◆ **Collection entries**
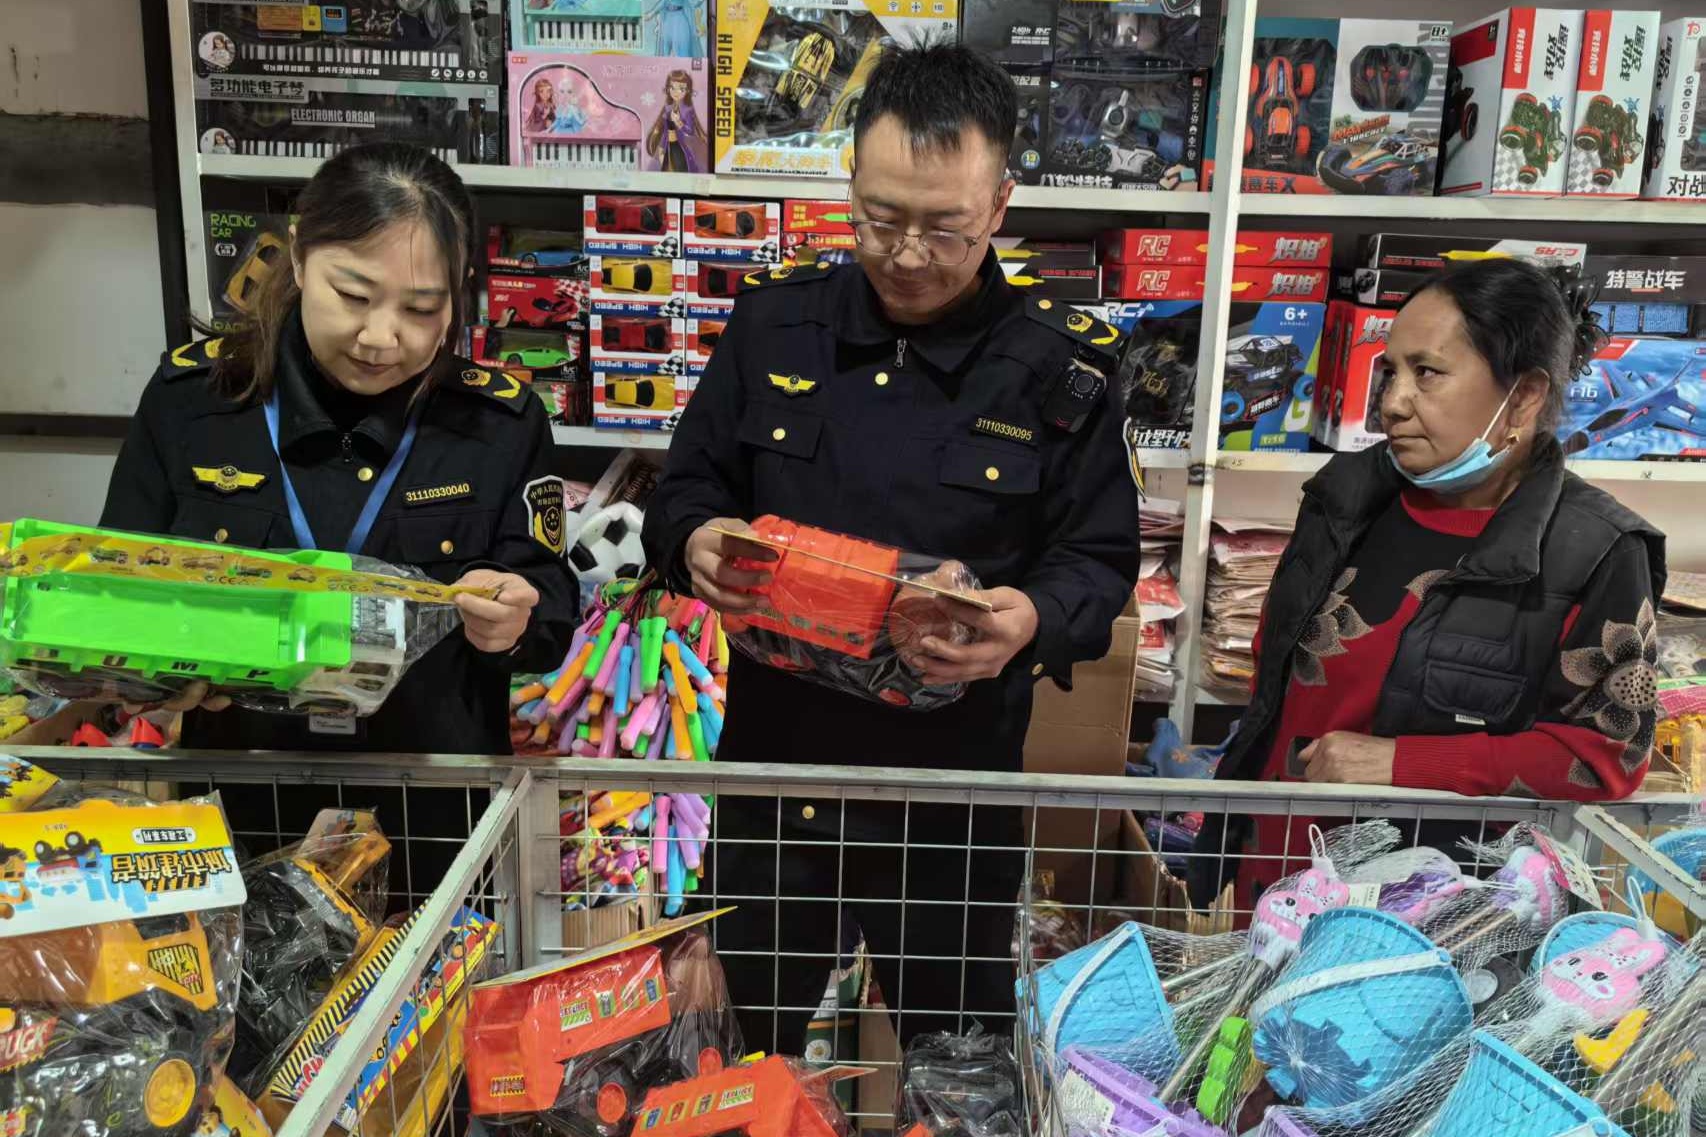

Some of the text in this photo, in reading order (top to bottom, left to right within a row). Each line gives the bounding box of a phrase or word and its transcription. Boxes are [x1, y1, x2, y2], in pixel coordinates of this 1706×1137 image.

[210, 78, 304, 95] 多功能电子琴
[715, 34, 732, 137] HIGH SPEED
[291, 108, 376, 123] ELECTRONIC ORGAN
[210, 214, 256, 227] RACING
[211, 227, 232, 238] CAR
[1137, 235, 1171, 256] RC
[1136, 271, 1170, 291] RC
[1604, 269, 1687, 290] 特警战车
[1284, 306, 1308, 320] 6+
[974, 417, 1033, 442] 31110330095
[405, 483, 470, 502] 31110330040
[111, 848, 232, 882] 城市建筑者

◆ **WHAT YOU NEED TO DO**
Write out the records in full and exactly, omitting the pictures they hold.

◆ **TASK RESULT**
Some of the text in this photo, in reading order (top to bottom, left to right within a row). Each line gives the bounding box of a phrase or word and its transcription. Boxes are [x1, y1, x2, y2], in pixel coordinates of this 1706×1137 image.

[210, 78, 304, 95] 多功能电子琴
[715, 34, 732, 137] HIGH SPEED
[291, 108, 376, 123] ELECTRONIC ORGAN
[210, 214, 256, 227] RACING
[211, 227, 232, 238] CAR
[1137, 235, 1171, 256] RC
[1136, 271, 1170, 291] RC
[1604, 269, 1687, 290] 特警战车
[1284, 306, 1308, 320] 6+
[974, 417, 1033, 442] 31110330095
[405, 483, 470, 502] 31110330040
[111, 848, 232, 882] 城市建筑者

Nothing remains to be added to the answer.